Gibt es derzeit Beschwerden bei Ihnen, etwa über Fluglärm?
Nein. Wenn sich jemand belästigt fühlt, gibt es für jeden die Möglichkeit, mit uns in Kontakt zu treten. Wir fliegen festgeschriebene Routen, die kann man notfalls auch ändern.

Die ÖAMTC-Flugrettung, die in diesem Jahr ihr 30-jähriges Bestehen feiert, steht im Dauereinsatz. Im Schnitt werden etwa alle 30 Minuten ein Verletzter oder Erkrankter von einem Notarzt der ÖAMTC-Flugrettung versorgt. Insgesamt sind die Notarzthubschrauber von 16 Standorten in ganz Österreich aus tätig. Der Christophorus Flugrettungsverein hat 18 Hubschrauber in ihrem Besitz. Bei den eingesetzten Fluggeräten kommt ein Pilot im Schnitt jeweils eine Woche lang zum Einsatz.

2012 flogen die Hubschrauber der Christophorus Staffel 15.589 Einsätze, im Jahr davor gab es 16.099 Flüge, 2010 hob man 14.816 ab.

Der Wiener Notarzthubschrauber "Christophorus 9" absolvierte 2012 mit 1.731 Rettungsflügen die meisten Einsätze, es folgte der Wiener Neustädter Hubschrauber "Christophorus 3" (1.341) und die Subener Maschine "Christophorus Europa 3" (1.280). Fast ein Viertel der Einsätze flog die ÖAMTC-Flugrettung in Niederösterreich (3.287 Einsätze), gefolgt von Tirol (2.774) und der Steiermark (1.768). Häufiger Einsatzgrund sind internistische und neurologische Notfälle.

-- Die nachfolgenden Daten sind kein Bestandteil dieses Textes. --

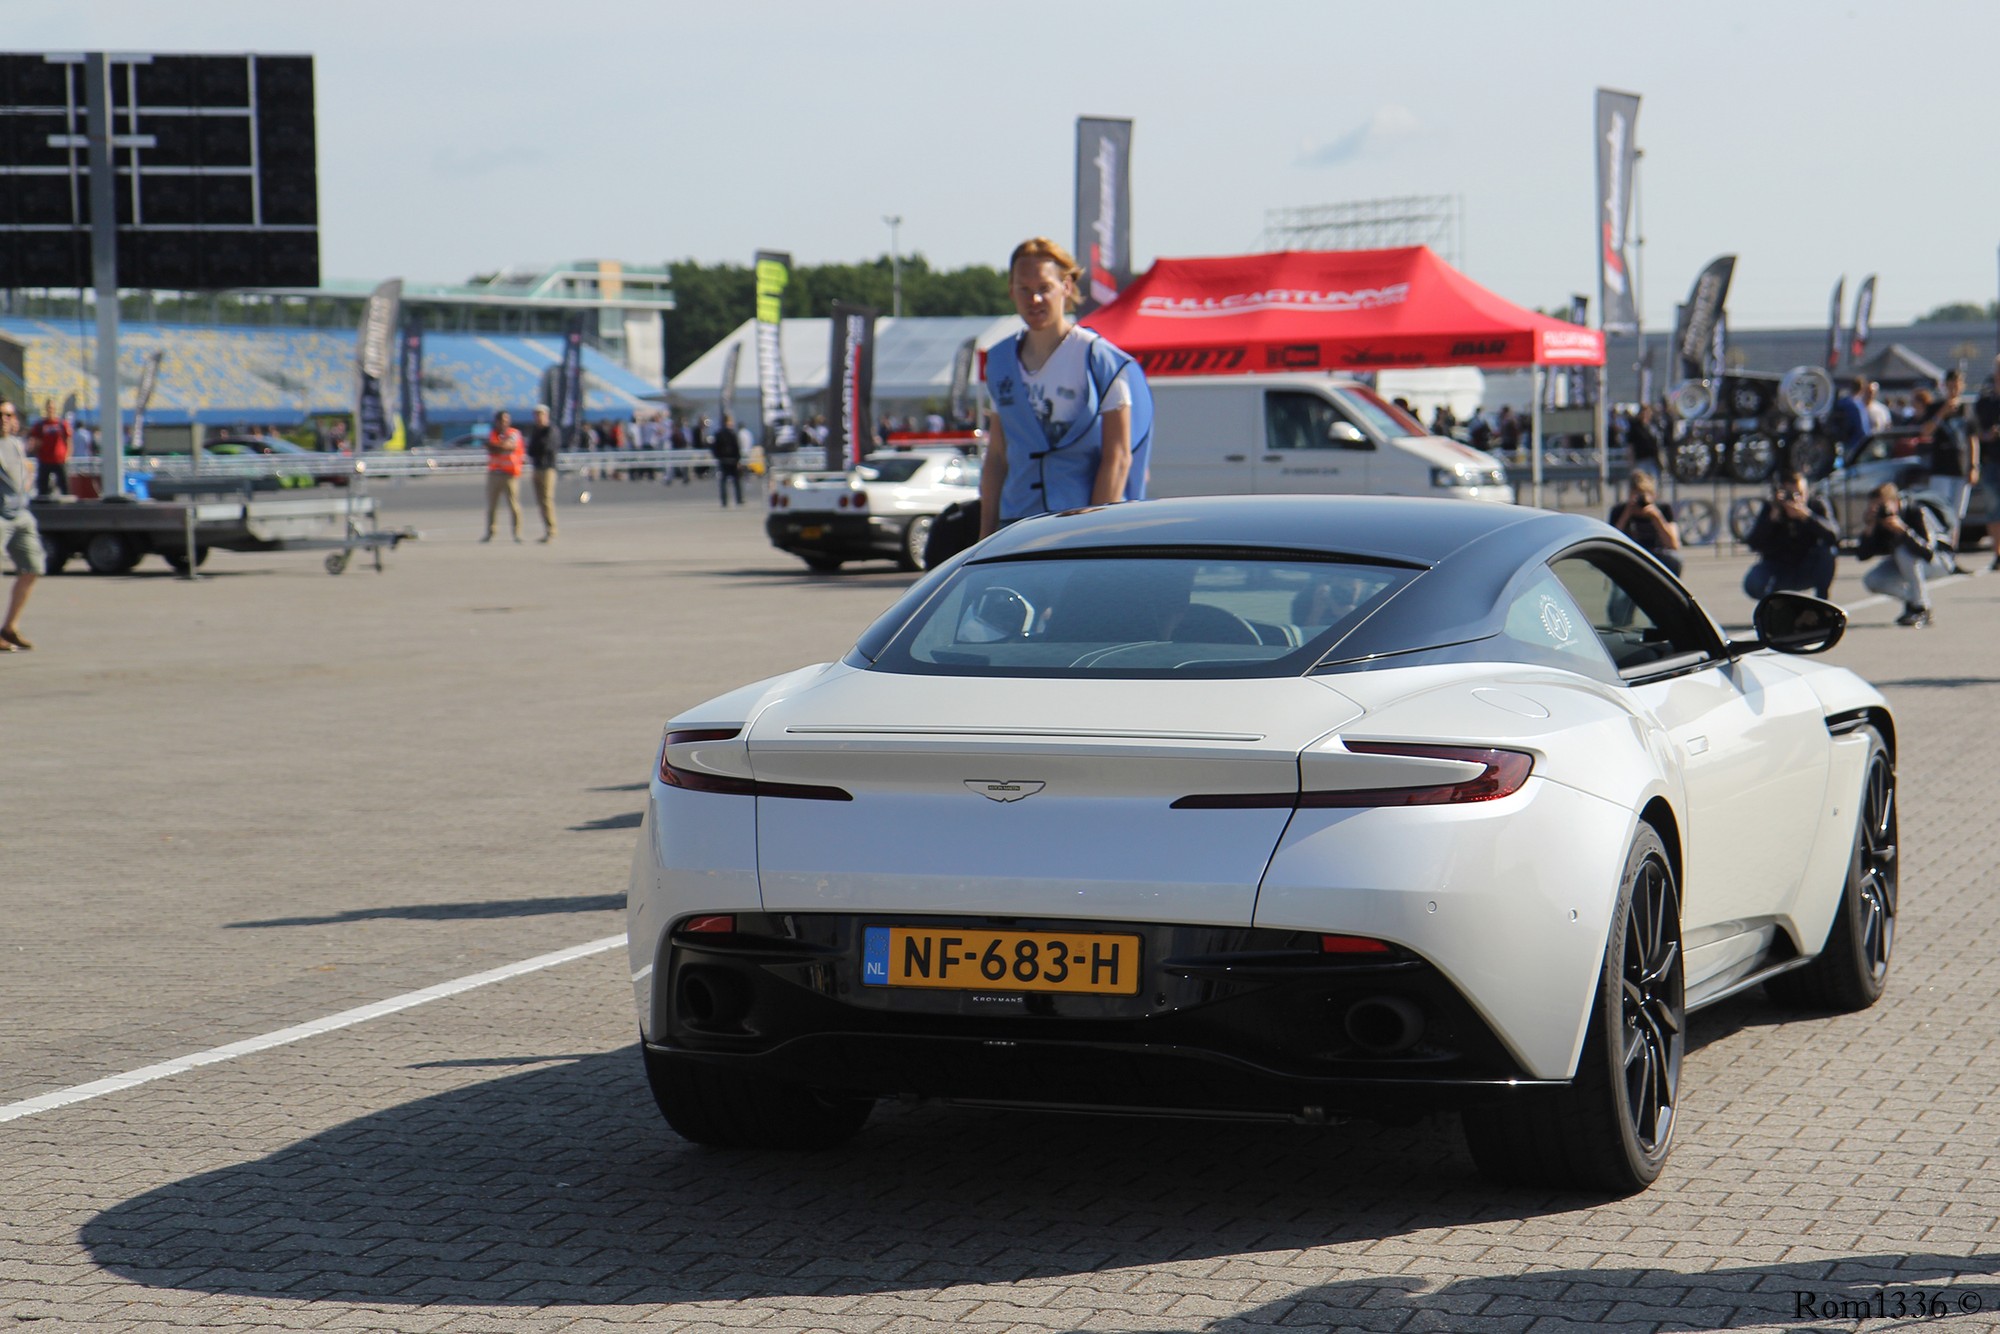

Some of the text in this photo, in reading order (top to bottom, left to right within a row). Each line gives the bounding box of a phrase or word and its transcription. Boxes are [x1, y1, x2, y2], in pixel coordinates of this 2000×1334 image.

Für die Kostendeckung der Einsätze gibt es je nach Bundesland unterschiedliche Lösungen, welche aber die soziale Verträglichkeit als Gemeinsamkeiten hätten, fasste Reinhard Kraxner, Geschäftsführer der ÖAMTC-Flugrettung, die finanzielle Situation in einer Aussendung vom Jänner 2013 zusammen: "Das heißt, dass den Patienten, mit der einzigen Ausnahme von Sport- und Freizeitunfällen im alpinen Bereich, keine Kosten für einen Hubschraubereinsatz entstehen."